● Task item:
Please copy the data below exactly; none of the pictures in it belong in the copy.

● Saved entries:
--

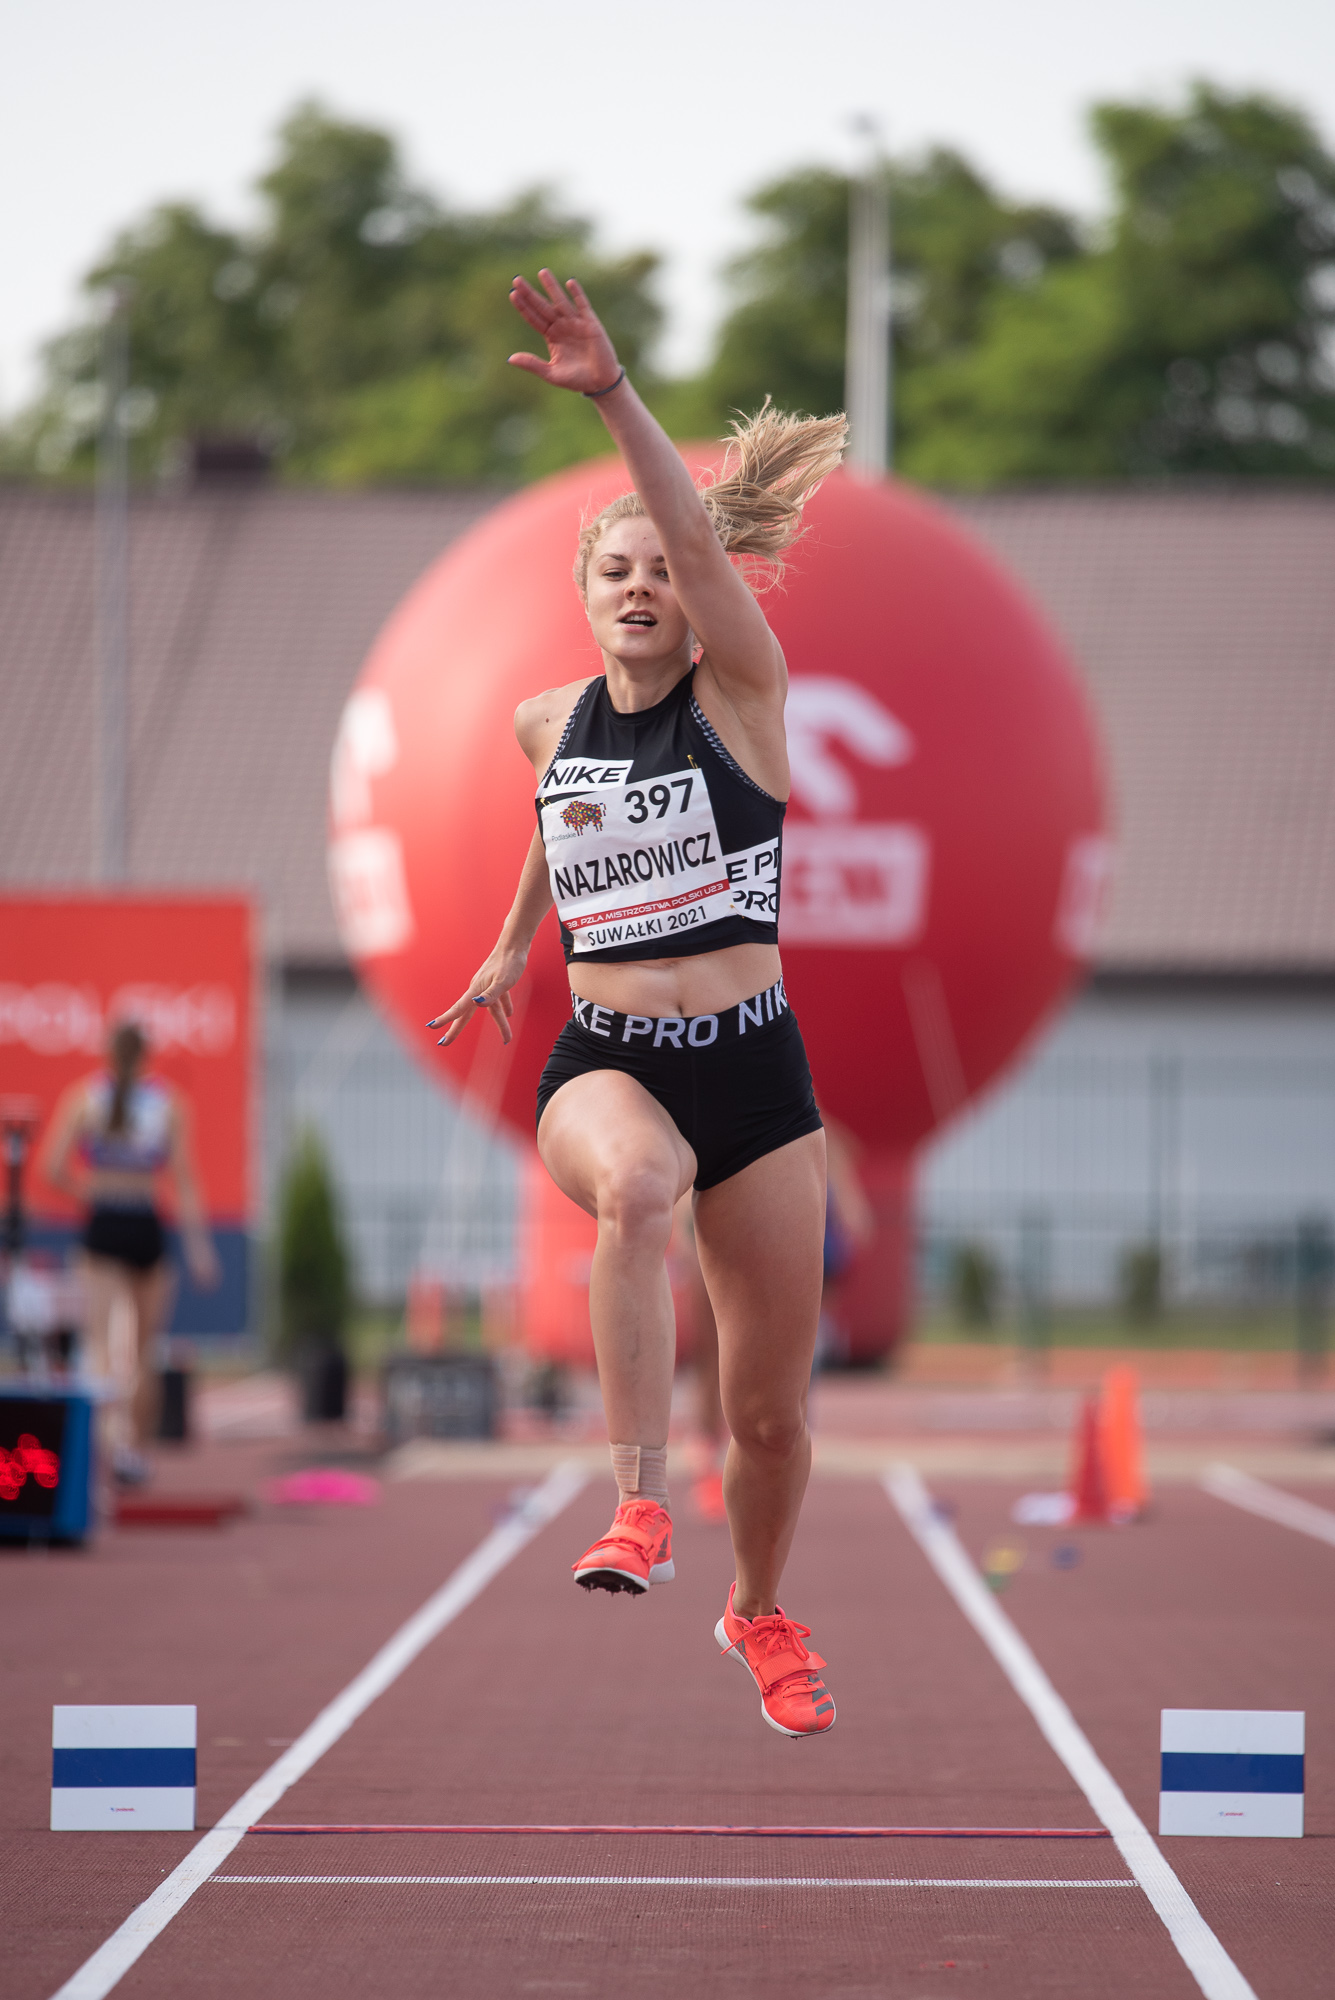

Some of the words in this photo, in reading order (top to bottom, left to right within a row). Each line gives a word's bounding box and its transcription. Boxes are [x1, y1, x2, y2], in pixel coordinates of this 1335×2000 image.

[543, 766, 628, 788] NIKE
[624, 777, 693, 824] 397
[551, 832, 577, 842] Podlaskie
[554, 832, 716, 900] NAZAROWICZ
[581, 915, 604, 926] PZLA
[605, 902, 670, 920] MISTRZOSTWA
[672, 891, 703, 907] POLSKI
[704, 883, 724, 894] U23
[587, 918, 662, 946] SUWAŁKI
[667, 905, 707, 930] 2021
[621, 1014, 719, 1048] PRO
[738, 975, 787, 1035] NIK

--

● Response to this exercise:
Some of the words in this photo, in reading order (top to bottom, left to right within a row). Each line gives a word's bounding box and its transcription. Boxes are [x1, y1, x2, y2], in pixel coordinates of this 1335×2000 image.

[543, 766, 628, 788] NIKE
[624, 777, 693, 824] 397
[551, 832, 577, 842] Podlaskie
[554, 832, 716, 900] NAZAROWICZ
[581, 915, 604, 926] PZLA
[605, 902, 670, 920] MISTRZOSTWA
[672, 891, 703, 907] POLSKI
[704, 883, 724, 894] U23
[587, 918, 662, 946] SUWAŁKI
[667, 905, 707, 930] 2021
[621, 1014, 719, 1048] PRO
[738, 975, 787, 1035] NIK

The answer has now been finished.